**YOUR INSTRUCTIONS:** Write the data out again exactly, dropping any images it holds.

*** Opening DATASET CONTENT ***

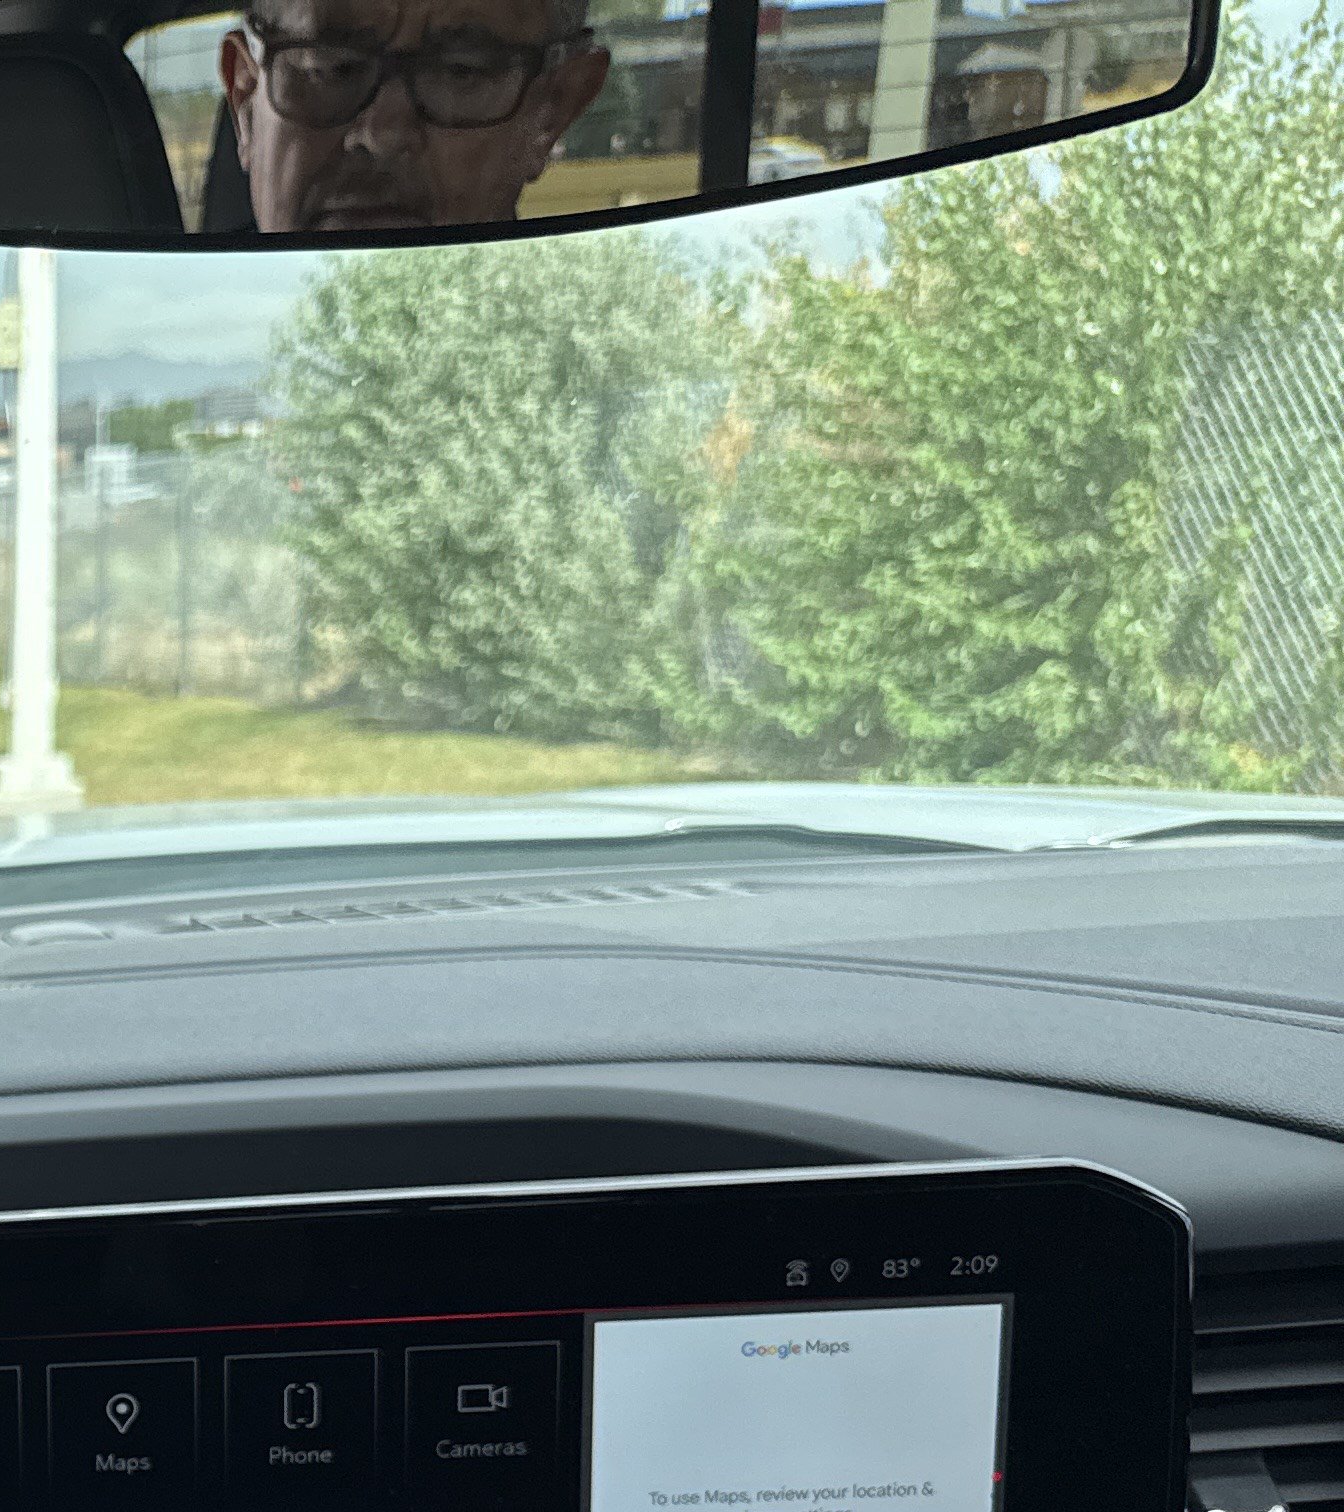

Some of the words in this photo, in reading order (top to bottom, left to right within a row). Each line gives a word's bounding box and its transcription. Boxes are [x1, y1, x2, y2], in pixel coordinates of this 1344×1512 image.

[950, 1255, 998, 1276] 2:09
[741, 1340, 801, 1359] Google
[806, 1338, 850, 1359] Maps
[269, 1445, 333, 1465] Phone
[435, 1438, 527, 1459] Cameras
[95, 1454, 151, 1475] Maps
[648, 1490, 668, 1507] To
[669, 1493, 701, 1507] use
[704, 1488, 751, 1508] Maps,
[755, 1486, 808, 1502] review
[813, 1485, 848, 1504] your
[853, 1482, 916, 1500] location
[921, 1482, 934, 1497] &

*** Closing DATASET CONTENT ***

**EXPECTED ANSWER:**
Some of the words in this photo, in reading order (top to bottom, left to right within a row). Each line gives a word's bounding box and its transcription. Boxes are [x1, y1, x2, y2], in pixel coordinates of this 1344×1512 image.

[950, 1255, 998, 1276] 2:09
[741, 1340, 801, 1359] Google
[806, 1338, 850, 1359] Maps
[269, 1445, 333, 1465] Phone
[435, 1438, 527, 1459] Cameras
[95, 1454, 151, 1475] Maps
[648, 1490, 668, 1507] To
[669, 1493, 701, 1507] use
[704, 1488, 751, 1508] Maps,
[755, 1486, 808, 1502] review
[813, 1485, 848, 1504] your
[853, 1482, 916, 1500] location
[921, 1482, 934, 1497] &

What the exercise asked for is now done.